Kevin Sheen from Perficient said you need to know what's important to your customers: deadline, budget, scope, requirements flexibility, product scalability, etc. Use that to decide what metrics are important.
Paul Rayner explained that diagnostic metrics such as code complexity should be initiated by the team, owned by the team, and not reported upward in the organization. He used the analogy of a hospital patient who has his heart rate, temperature, & blood pressure measured. Those metrics are used in combination by doctors and nurses as diagnostic measures, but not reported up to the hospital's board of directors. The problem is that most managers don't understand those metrics and managers generally shouldn't care about them, either. The metrics reported upward to management should be ones needed to make management decisions - about budgeting, schedule, scope. Kevin Sheen pointed out that generally when higher level management wants to "open the hood" and look at these metrics it's because they don't trust that the development team will meet it's estimates, and additional metrics give them a false sense of control over projects.
Brian Boelsterli said that a project's reporting metrics (distinguished from diagnostic metrics) should be clearly rolled up to corporate KPIs. Each project should be able to demonstrate how it is contributing to those KPIs.

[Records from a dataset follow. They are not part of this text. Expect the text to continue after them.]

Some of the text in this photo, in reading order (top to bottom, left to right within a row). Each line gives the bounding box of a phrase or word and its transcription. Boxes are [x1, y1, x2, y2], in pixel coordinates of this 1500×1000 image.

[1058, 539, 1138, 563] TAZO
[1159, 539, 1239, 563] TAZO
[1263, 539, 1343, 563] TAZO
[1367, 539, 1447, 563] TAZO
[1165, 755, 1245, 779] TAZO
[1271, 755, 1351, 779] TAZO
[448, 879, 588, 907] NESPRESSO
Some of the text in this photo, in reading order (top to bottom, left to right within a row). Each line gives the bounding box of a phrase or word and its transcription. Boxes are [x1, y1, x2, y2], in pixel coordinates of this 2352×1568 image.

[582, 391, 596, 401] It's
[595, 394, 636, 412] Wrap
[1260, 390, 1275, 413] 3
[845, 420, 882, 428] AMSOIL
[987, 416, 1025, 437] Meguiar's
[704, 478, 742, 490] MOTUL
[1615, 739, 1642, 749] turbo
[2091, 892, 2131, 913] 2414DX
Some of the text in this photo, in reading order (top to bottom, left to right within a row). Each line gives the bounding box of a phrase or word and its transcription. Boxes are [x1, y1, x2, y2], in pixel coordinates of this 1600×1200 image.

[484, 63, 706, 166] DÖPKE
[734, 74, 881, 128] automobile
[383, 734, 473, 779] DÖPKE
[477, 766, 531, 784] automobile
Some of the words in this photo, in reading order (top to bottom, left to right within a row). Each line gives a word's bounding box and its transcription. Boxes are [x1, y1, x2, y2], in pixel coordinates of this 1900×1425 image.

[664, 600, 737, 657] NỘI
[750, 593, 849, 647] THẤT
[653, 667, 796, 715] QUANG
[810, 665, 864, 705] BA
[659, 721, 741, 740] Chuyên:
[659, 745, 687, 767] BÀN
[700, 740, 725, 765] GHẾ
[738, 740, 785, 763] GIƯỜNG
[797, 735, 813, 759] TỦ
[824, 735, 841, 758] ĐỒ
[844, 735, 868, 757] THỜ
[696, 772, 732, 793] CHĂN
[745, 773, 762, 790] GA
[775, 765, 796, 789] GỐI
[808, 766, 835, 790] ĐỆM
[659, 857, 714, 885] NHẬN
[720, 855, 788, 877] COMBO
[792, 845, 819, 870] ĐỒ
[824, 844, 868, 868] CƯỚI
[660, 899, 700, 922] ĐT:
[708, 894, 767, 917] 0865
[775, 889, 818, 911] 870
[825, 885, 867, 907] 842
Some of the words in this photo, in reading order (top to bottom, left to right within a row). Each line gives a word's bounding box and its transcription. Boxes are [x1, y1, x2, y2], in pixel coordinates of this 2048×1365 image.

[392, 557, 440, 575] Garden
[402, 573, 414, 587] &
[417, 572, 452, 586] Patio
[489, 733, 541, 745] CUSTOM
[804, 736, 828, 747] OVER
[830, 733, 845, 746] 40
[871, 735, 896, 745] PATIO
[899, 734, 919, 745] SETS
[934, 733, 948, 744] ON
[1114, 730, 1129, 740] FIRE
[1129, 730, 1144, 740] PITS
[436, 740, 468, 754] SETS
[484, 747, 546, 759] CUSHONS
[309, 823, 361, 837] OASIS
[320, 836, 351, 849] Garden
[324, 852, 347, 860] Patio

Several panelists and audience members spoke about that potential dysfunction that can result when diagnostic metrics are used as carrots or sticks to measure or evaluate individual team members. To avoid dysfunction diagnostic metrics should be chosen by and valued by developers. Even when measured at the team level, compensating metrics should be used: for example if you collect a productivity metric then you should also collect quality metrics so that people don't sacrifice quality for apparent productivity.
Paul Rayner said that he likes the following diagnostic metrics at the development team level:
- Cyclomatic complexity - average per namespace and per method
- Total lines of code - monitor the trend over time. Should level off or decrease with refactoring.
- Coupling - to find classes that have too many dependencies
These technical metrics in my view are very valuable indicators - they help you decide when and where a qualitative analysis is required. For example, if you want to know where to get the most bang for your buck on refactoring, look for methods with high cyclomatic complexity or classes with high coupling.